An August 1995 story in the Richmond Times-Dispatch that detailed the difficulty police have in identifying some murder victims included what is now known to be Gumbs' slaying.

Getting the identification verified often involves searching missing-person reports, police said at the time -- apparently months after a missing-person report was filed for Gumbs.

Jennings said Toussaint was not living at home with her in Richmond at the time he disappeared.

"We were going through the teenage thing. He didn't want to listen," she said. "He was between households. He'd get mad at me and go to his grandparents' house and he'd get mad at his grandparents and come back home."

She and Gumbs' father said that some of the boy's friends were "the wrong element." Jennings said Toussaint had been shot in the back during an attempted robbery just weeks before he was reported missing.

"I tried to get him to come back home at that point but he said, 'No, Ma, I'm all right. I'm going to my grandparents' house,'" she recalled.

Not long after that, she said her son's grandparents told her they had not seen him for two days. "I started calling'round to his friends and stuff to see if they saw him and nobody'd seen him. I called the police and filed a missing-persons report," she said.

In March 1996, eight months after his disappearance, Allen said Jennings contacted the missing children's center for help.

"It is really unfortunate for the family and his mom that it took so long," Allen said. "It's sad, but so many or these parents tell me the worst is the not knowing."

. . .

Crucial to the identification of Gumbs was NamUs, a new Web-based program aimed at matching missing-person cases with unidentified deceased people across the country.

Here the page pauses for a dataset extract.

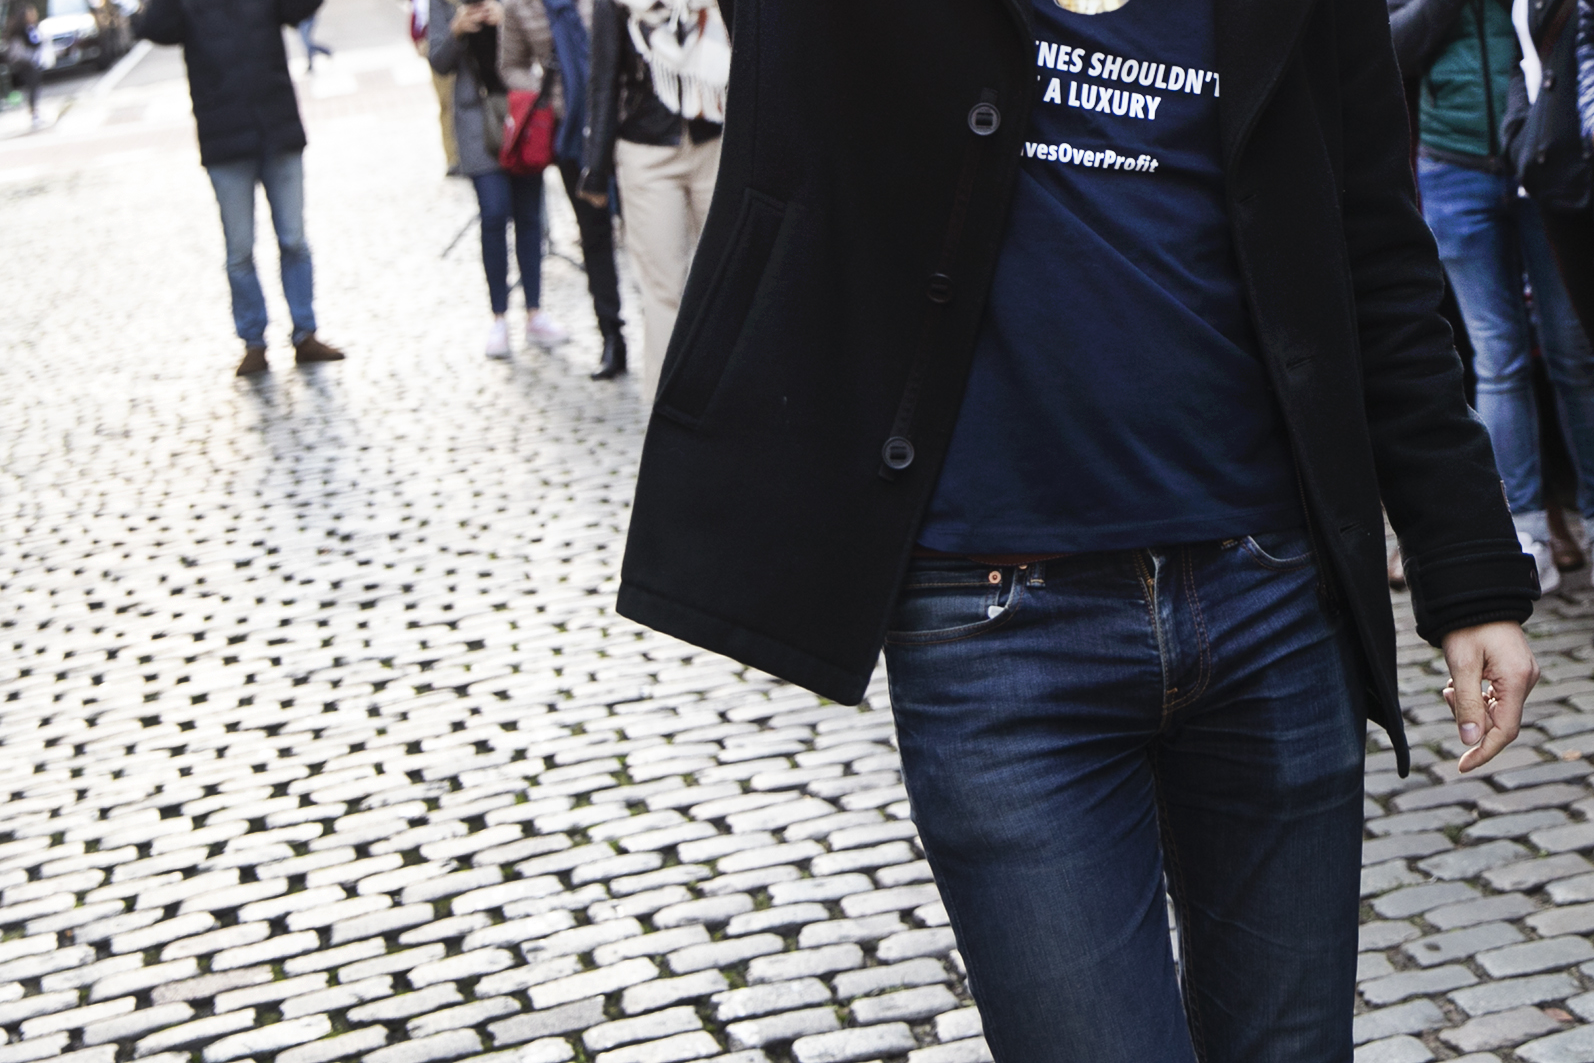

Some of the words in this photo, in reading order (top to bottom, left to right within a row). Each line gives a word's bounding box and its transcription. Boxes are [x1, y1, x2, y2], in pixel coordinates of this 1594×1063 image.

The NamUs site gives authorities and the public access to two databases, one of unidentified deceased people and the other of missing people. Data ranging from vital statistics to tattoo details and dental records are included when available.

NamUs' Nashville-based Matthews said that last year, details about the unidentified Richmond homicide victim from June 6, 1995, were entered into the NamUs Web site.

Michele Money-Carson, a NamUs spokeswoman, said a volunteer searcher spotted the close dates between Gumbs' disappearance and the unidentified, 1995 Richmond homicide victim -- as well as the similar description of the two young men, including the scar on the thigh.

Allen said that in 2008, the missing children's center arranged through the University of North Texas's Center for Human Identification to have Jennings' DNA typed and entered into the FBI's Combined DNA Index System, CODIS.

He said that when the missing children's center learned of the possible match in Richmond identified by the volunteer searching NamUs, they contacted Virginia's Office of the Chief Medical Examiner and learned that there was blood from the 1995 victim that could be used for DNA typing.

The University of North Texas also developed a profile for the unidentified body's blood and ran it through the CODIS database. On March 18, Allen's office was notified by the university that there was a "hit," or match, between Gumbs and his mother.

Gumbs' father was told an identification was made, but Jennings was not.

Now, 14 years later, Jennings said she believes it will be difficult to find out who killed her son. "In my heart, I just want to know why, why did he have to die? What was so great that you had to take his life?"

She was told her son's body was kept in cold storage by authorities and then cremated in 1999, his ashes spread on private property in West Virginia, as was the state practice at the time.

Ending the uncertainty has not been a relief for Jennings.

"Now that I know, it's like I'm grieving all over again. It's like added to the grief I've had for the last 14 years. I'm working through it as days go by and I know I want to do a memorial service for him," she said.

She said Toussaint Gumbs' story needs to be told -- maybe somebody will remember something and come forward with information to solve the crime.

In the meantime, she has some advice for parents: "Keep your children close. Know who their friends are and don't be afraid to be in their face and question them about what's going on in their lives, because it might save their lives."